* Exercise aim
Exactly as they appear, output all of the records. Skip any images.

* Records to process
=== Section Start ===
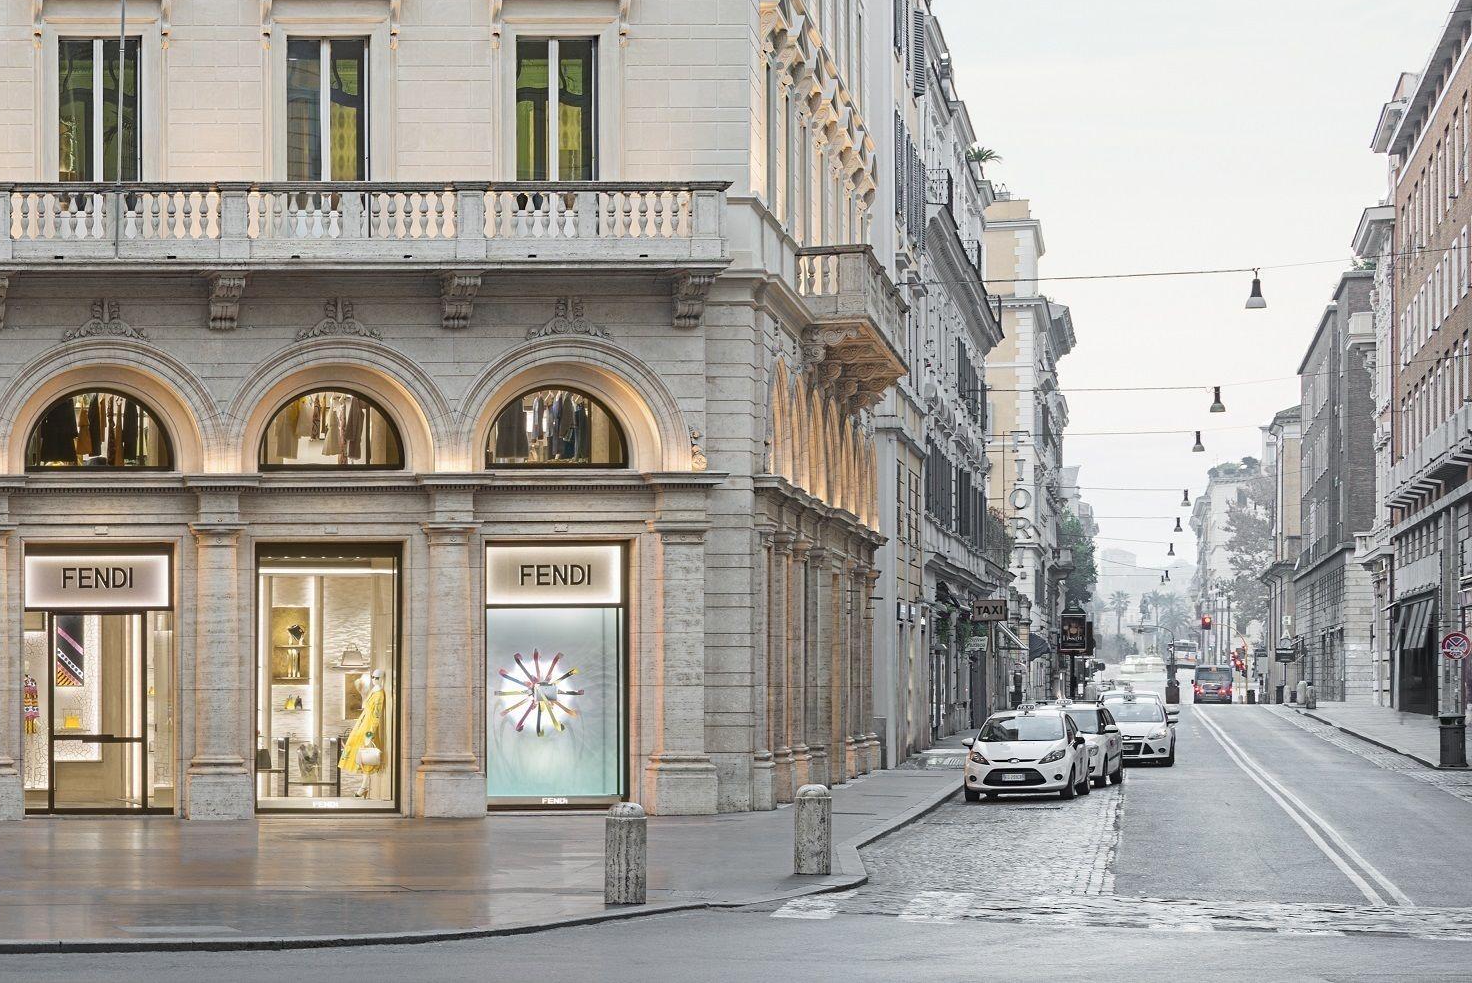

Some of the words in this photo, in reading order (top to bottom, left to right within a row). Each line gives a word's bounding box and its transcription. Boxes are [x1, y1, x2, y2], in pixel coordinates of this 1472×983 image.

[62, 567, 133, 588] FENDI
[519, 564, 591, 586] FENDI
[975, 605, 1003, 616] TAXI
[541, 797, 568, 805] FENDI
=== Section End ===
* Reply
Some of the words in this photo, in reading order (top to bottom, left to right within a row). Each line gives a word's bounding box and its transcription. Boxes are [x1, y1, x2, y2], in pixel coordinates of this 1472×983 image.

[62, 567, 133, 588] FENDI
[519, 564, 591, 586] FENDI
[975, 605, 1003, 616] TAXI
[541, 797, 568, 805] FENDI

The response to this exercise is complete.